Research Paper Volume 12, Issue 8 pp 7603—7613
LUCS: a high-resolution nucleic acid sequencing tool for accurate long-read analysis of individual DNA molecules
- 1 Department of Biology, Laboratory of Aging and Infertility Research, Northeastern University, Boston, MA 02115, USA
- 2 On leave under a Student Exchange Program from the Institut für Pflanzengenetik, Leibniz Universität Hannover, Hannover D-30419, Germany
received: April 6, 2020 ; accepted: April 21, 2020 ; published: April 28, 2020 ;https://doi.org/10.18632/aging.103171
How to Cite
Copyright © 2020 Annis et al.
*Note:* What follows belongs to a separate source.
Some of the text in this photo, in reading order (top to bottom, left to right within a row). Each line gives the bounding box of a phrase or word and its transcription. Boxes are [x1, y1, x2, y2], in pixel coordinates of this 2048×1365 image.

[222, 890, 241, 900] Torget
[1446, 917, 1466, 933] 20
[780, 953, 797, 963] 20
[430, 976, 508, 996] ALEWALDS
This is an open-access article distributed under the terms of the Creative Commons Attribution License (CC BY 3.0), which permits unrestricted use, distribution, and reproduction in any medium, provided the original author and source are credited.
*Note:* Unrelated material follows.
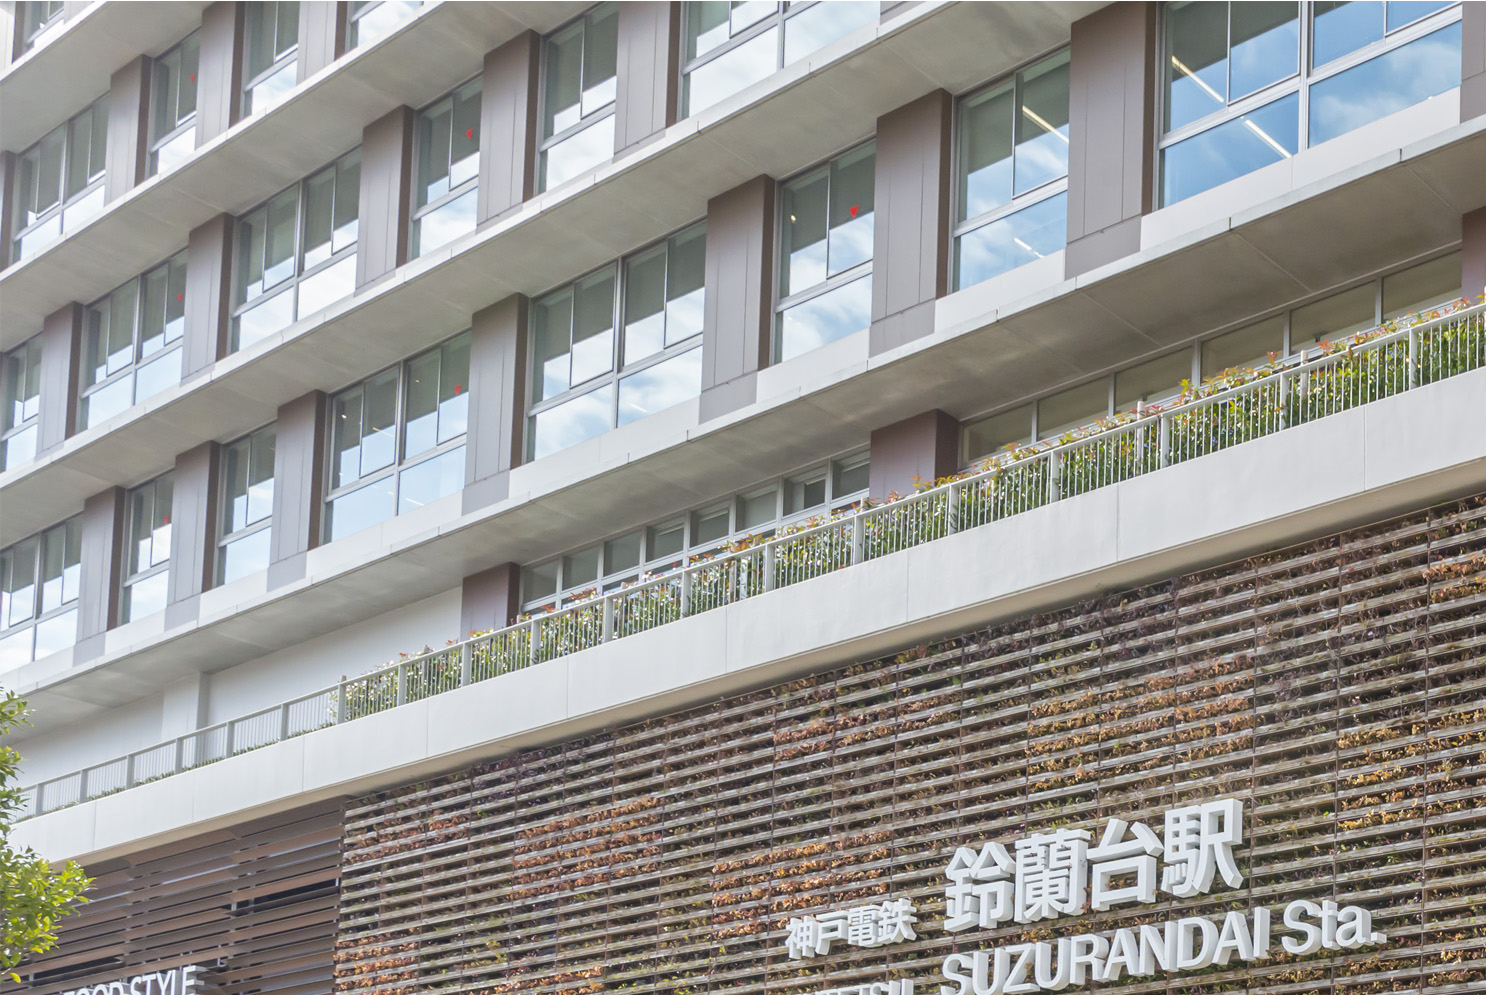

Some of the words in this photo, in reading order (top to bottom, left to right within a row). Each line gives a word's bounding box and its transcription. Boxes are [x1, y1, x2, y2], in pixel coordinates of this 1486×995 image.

[944, 798, 1243, 932] 鈴蘭台駅
[785, 897, 918, 959] 神戸電鉄
[1281, 899, 1387, 956] Sta.
Nucleic acid sequence analyses are fundamental to all aspects of biological research, spanning aging, mitochondrial DNA (mtDNA) and cancer, as well as microbial and viral evolution. Over the past several years, significant improvements in DNA sequencing, including consensus sequence analysis, have proven invaluable for high-throughput studies. However, all current DNA sequencing platforms have limited utility for studies of complex mixtures or of individual long molecules, the latter of which is crucial to understanding evolution and consequences of single nucleotide variants and their combinations. Here we report a new technology termed LUCS (Long-molecule UMI-driven Consensus Sequencing), in which reads from third-generation sequencing are aggregated by unique molecular identifiers (UMIs) specific for each individual DNA molecule. This enables in-silico reconstruction of highly accurate consensus reads of each DNA molecule independent of other molecules in the sample. Additionally, use of two UMIs enables detection of artificial recombinants (chimeras). As proof of concept, we show that application of LUCS to assessment of mitochondrial genomes in complex mixtures from single cells was associated with an error rate of 1X10-4 errors/nucleotide. Thus, LUCS represents a major step forward in DNA sequencing that offers high-throughput capacity and high-accuracy reads in studies of long DNA templates and nucleotide variants in heterogenous samples.